What makes this different from some old-school CVE is how it was found. Sammy isn't a career penetration tester. He’s an AI strategist who used "vibe coding"—basically describing what he wanted to a machine and letting it handle the messy work of decompiling binaries and writing Python bridges. This lowers the barrier to entry for offensive security to basically zero. You don't need a PhD in network protocols anymore; you just need to know how to prompt an LLM to find the patterns in the noise. Companies like DJI have been hiding behind "closed source" for years, assuming no one would take the time to figure out their messy protocols.

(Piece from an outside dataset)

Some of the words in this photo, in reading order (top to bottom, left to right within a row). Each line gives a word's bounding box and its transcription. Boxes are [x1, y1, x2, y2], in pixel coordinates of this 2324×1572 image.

Well, the AI just took the time. It took about an hour. The "landscape" (sorry, banned word, I mean the environment) has shifted so far that if your security relies on "they won't figure out how our packets are structured," you are already dead.

The state security nightmare

Now look at the politics. DJI is currently fighting for its life against a massive FCC ban in the States. They are in court right now swearing up and down that their devices aren't a national security risk and that they don't send sensitive data back to Shenzhen. Then this happens. A random guy in France proves that he can access the architectural layout of thousands of homes because DJI’s cloud engineers couldn't be bothered to implement basic token scoping. It makes the state's argument for a ban look incredibly rational, even if you hate bureaucratic overreach. When a private company creates a global network of moving cameras and then leaves the keys under the doormat, they are inviting the state to step in and crush them. It’s a sovereign risk. If our national infrastructure or even just the private mahrem (privacy) of citizens is at the mercy of one lazy MQTT configuration, the state has a duty to shut it down. Self-reliance means not letting foreign-managed, poorly-secured nodes map the inside of our sensitive buildings.

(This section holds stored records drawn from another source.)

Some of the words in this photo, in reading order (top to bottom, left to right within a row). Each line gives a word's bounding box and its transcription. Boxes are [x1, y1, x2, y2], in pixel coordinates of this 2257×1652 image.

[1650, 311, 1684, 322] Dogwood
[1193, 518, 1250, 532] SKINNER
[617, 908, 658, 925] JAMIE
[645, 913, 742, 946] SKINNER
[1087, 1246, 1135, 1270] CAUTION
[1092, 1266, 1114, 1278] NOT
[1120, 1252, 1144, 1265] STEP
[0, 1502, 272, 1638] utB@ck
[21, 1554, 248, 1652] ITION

And don't even get me started on Ecovacs. They had the same problem. People were getting shouted at through their own vacuums by hackers using racial slurs. It’s the same pattern: ship the hardware, win the market, and treat the backend like an afterthought. We are about five minutes away from "humanoid" robots from companies like Tesla or Figure entering the home. Those things have arms. They can open doors. If we are still failing at "don't let everyone see the camera feed" for a vacuum, we are heading for a literal physical disaster when the first humanoid bot gets its MQTT topics hijacked. We need physical kill-switches. Hardware shutters on cameras. Something that doesn't rely on a line of code in a Shenzhen data center to stay closed.

The reality is that we're trading our most intimate data for the convenience of not having to push a broom, and the companies taking that data are treating it with the respect of a disposable paper plate. If it’s got a camera and a Wi-Fi chip, assume it’s a spy—either for the company that made it, a government, or just some guy with a PS5 controller and a dream.